Dermatologist Alexander Gross, MD, previously served on the board of directors of the Georgia Alliance for Patient Protection.
“This is a great law. It requires that the person who's providing the care inform the patient of what their credentials are,” said Dr. Gross, an incoming member of the American Academy of Dermatology’s board of directors.
Further, the law requires that nurse practitioners and physician assistants who have doctoral degrees to tell patients—at each contact and each point of service—that they are nurse practitioners or physician assistants with a doctor degree.
They “have to tell the patient, ‘I'm not a physician,’” Dr. Gross said. “This is the way that we can inform our patients with regard to who they're seeing.”
The AMA Truth in Advertising Campaign has resources (PDF) to support state legislative and regulatory campaigns aimed to ensure that health care professionals clearly and honestly state their level of training, education and licensing whether it is a face-to-face encounter or in advertising, marketing or other communication materials.
Elect physicians
Dr.
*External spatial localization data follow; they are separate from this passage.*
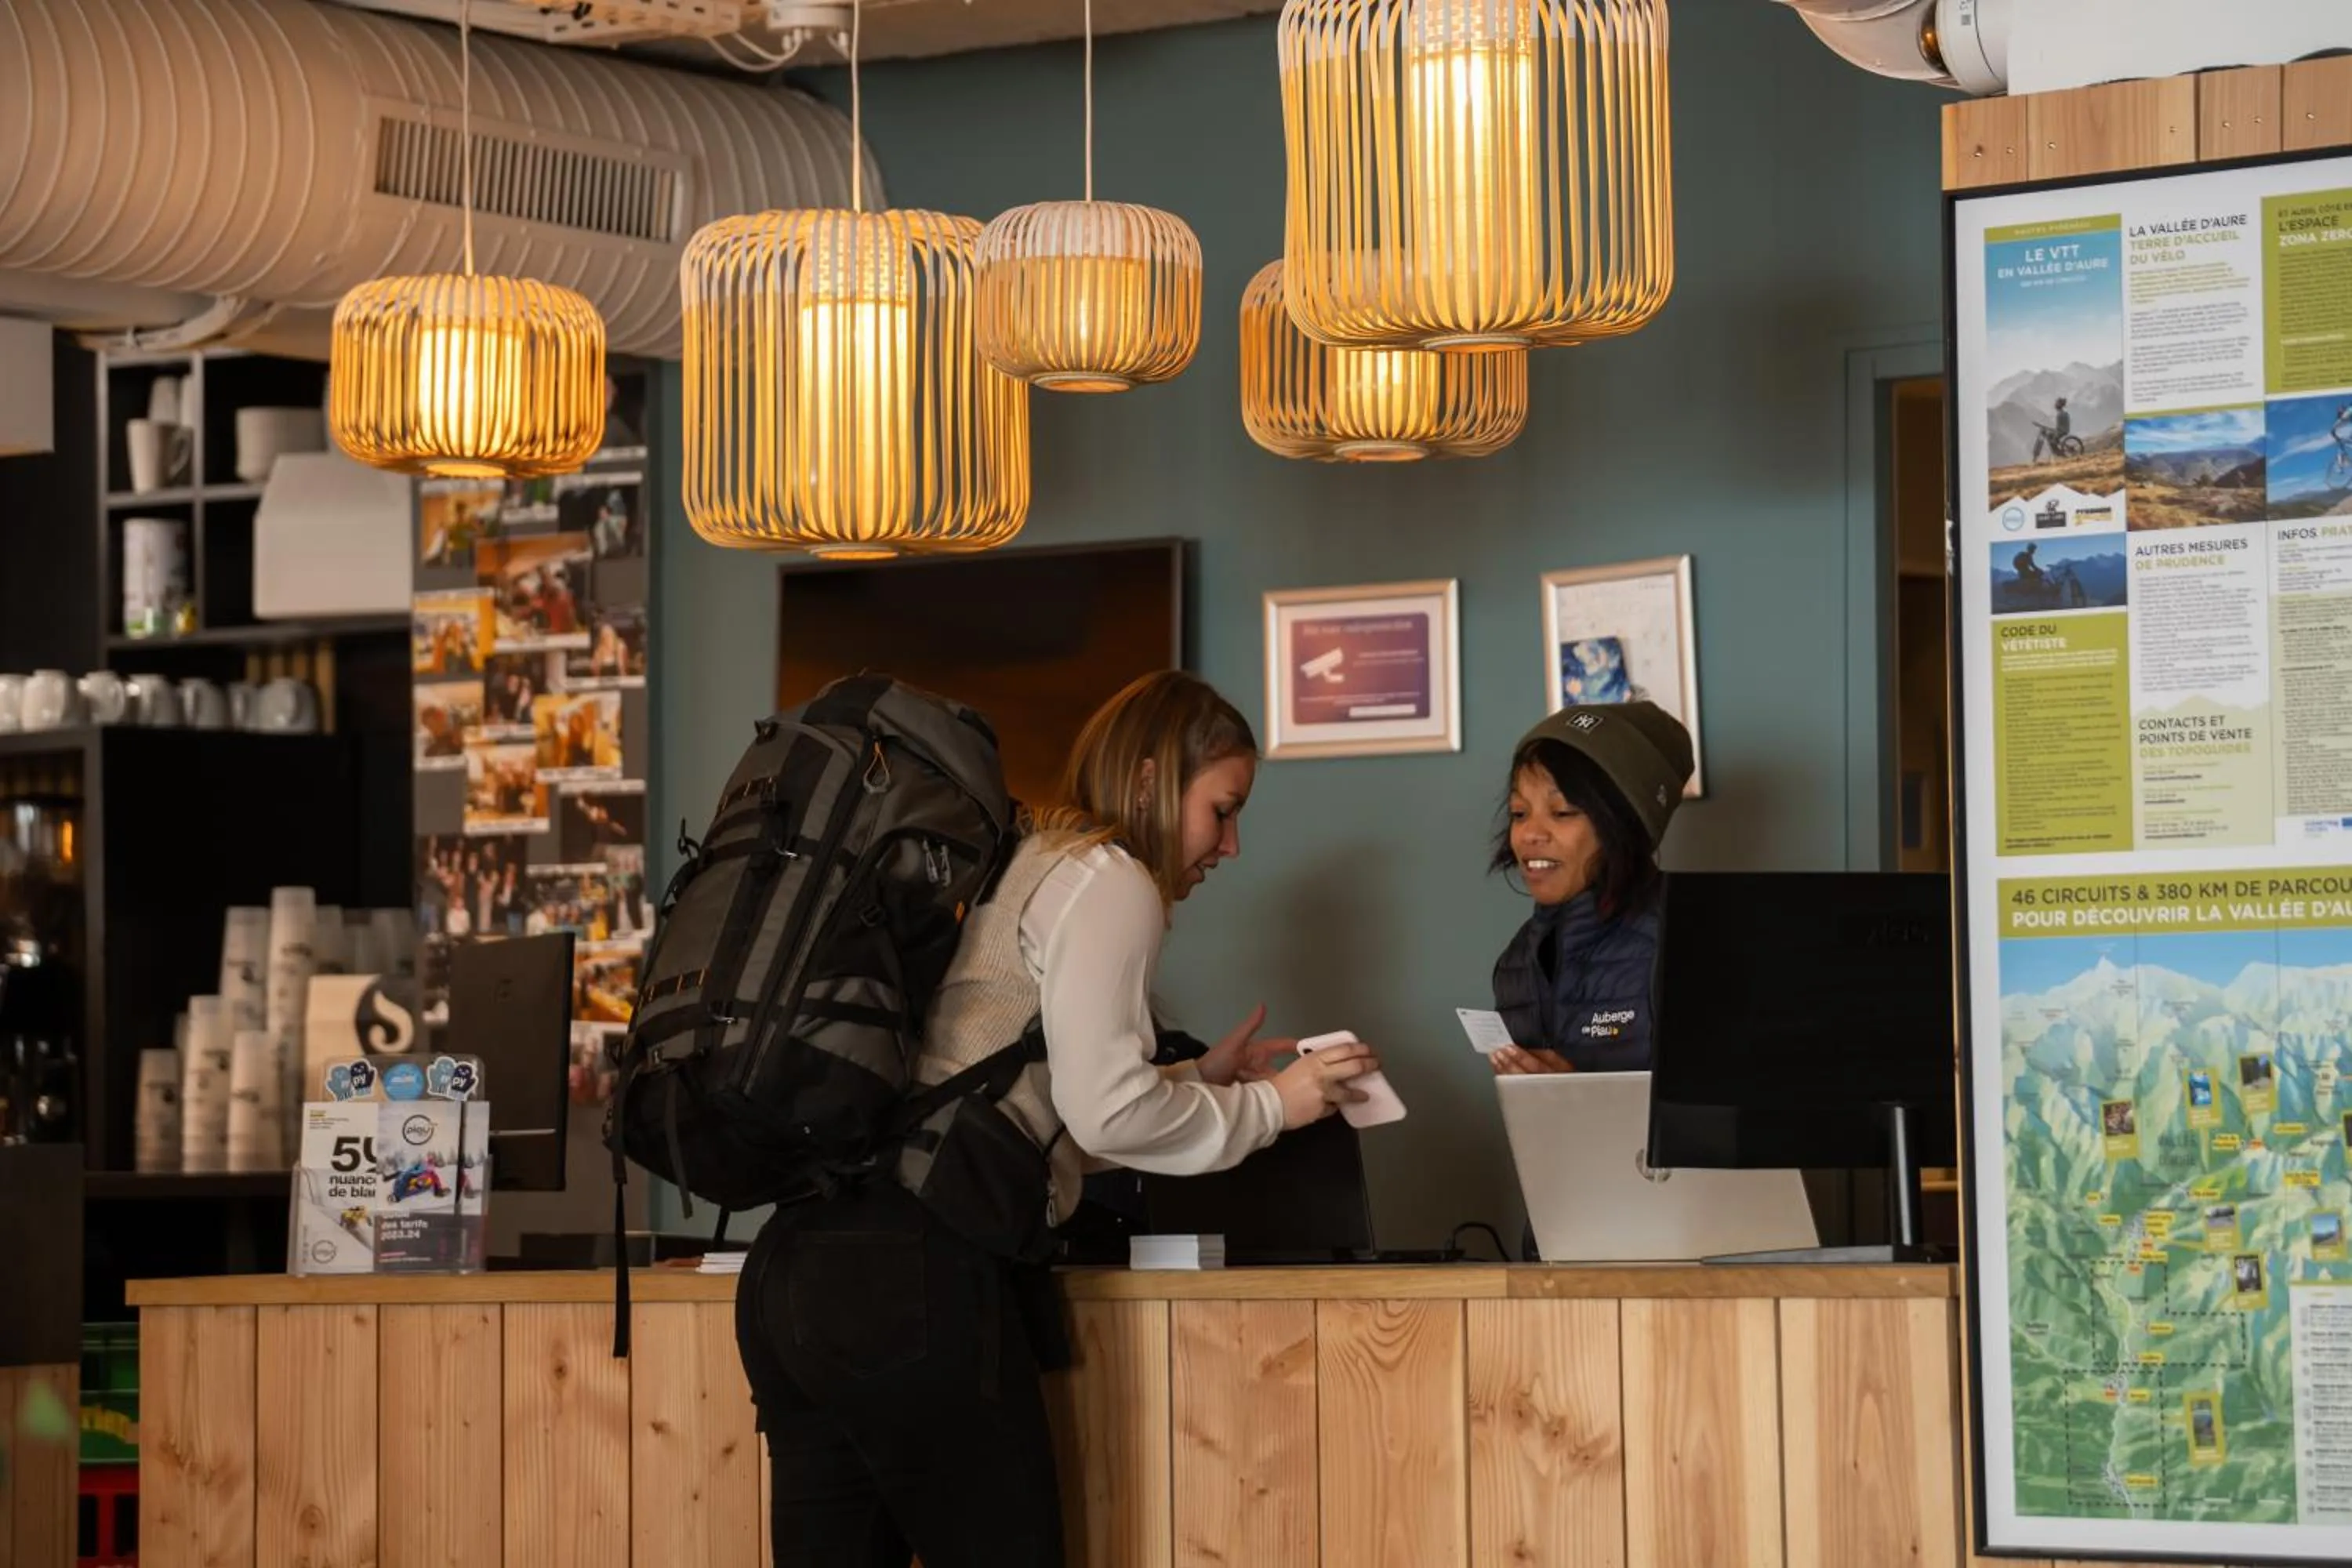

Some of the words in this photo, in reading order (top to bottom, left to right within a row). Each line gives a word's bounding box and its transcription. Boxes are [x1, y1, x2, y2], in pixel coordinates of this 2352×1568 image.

[2129, 226, 2146, 238] LA
[2150, 217, 2198, 234] VALLÉE
[2201, 214, 2247, 230] D'AURE
[2278, 215, 2339, 232] L'ESPACE
[2129, 237, 2170, 251] TERRE
[2173, 230, 2240, 246] D'ACCUEIL
[2279, 232, 2318, 247] ZONA
[2025, 248, 2045, 263] LE
[2049, 245, 2080, 260] VTT
[2130, 254, 2147, 265] DU
[2151, 249, 2186, 263] VÉLO
[1997, 267, 2013, 279] EN
[2016, 260, 2061, 276] VALLÉE
[2064, 257, 2109, 272] D'AURE
[2278, 527, 2318, 540] INFOS
[2135, 543, 2185, 556] AUTRES
[2188, 537, 2248, 552] MESURES
[2135, 559, 2152, 571] DE
[2156, 554, 2226, 568] PRUDENCE
[2001, 625, 2036, 637] CODE
[2038, 623, 2057, 635] DU
[2138, 716, 2206, 730] CONTACTS
[2209, 714, 2226, 727] ET
[2138, 731, 2185, 744] POINTS
[2188, 730, 2206, 742] DE
[2209, 728, 2253, 740] VENTE
[2140, 746, 2164, 758] DES
[2011, 889, 2035, 906] 46
[2041, 885, 2131, 904] CIRCUITS
[2136, 884, 2150, 901] &
[2156, 882, 2192, 901] 380
[2198, 881, 2228, 898] KM
[2234, 880, 2262, 897] DE
[2012, 909, 2067, 927] POUR
[2073, 904, 2190, 926] DÉCOUVRIR
[2196, 903, 2222, 922] LA
[2228, 898, 2306, 920] VALLÉE
[1592, 1010, 1635, 1024] Auberge
[329, 1175, 376, 1185] nuanc
[328, 1185, 347, 1197] de
Gross said electing physician legislators is another important way to help fight expanding scope of practice because they will understand these issues better than nonphysician legislators.
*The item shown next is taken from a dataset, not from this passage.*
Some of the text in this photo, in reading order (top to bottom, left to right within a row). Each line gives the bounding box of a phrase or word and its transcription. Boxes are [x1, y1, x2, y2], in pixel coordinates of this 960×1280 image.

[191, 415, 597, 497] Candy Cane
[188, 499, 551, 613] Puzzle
“Nobody understands our issues like other physicians,” he said. “I’m guessing that a lot of legislators don’t understand what the short-term and downstream ramifications of scope of practice expansions are.”
Know your legislators
In addition to electing physician lawmakers, it’s important that physicians get to know those representing them at the state and federal levels.
Working with the legislators and the Indiana State Medical Association, Indiana passed a law in 2023 that requires EDs to have a physician on site.
The law “came through the work of individuals working together,” said family physician Rebekah Bernard, MD, whose latest book is Imposter Doctors: Patients at Risk. “Everyone working in this room: you can make a difference.”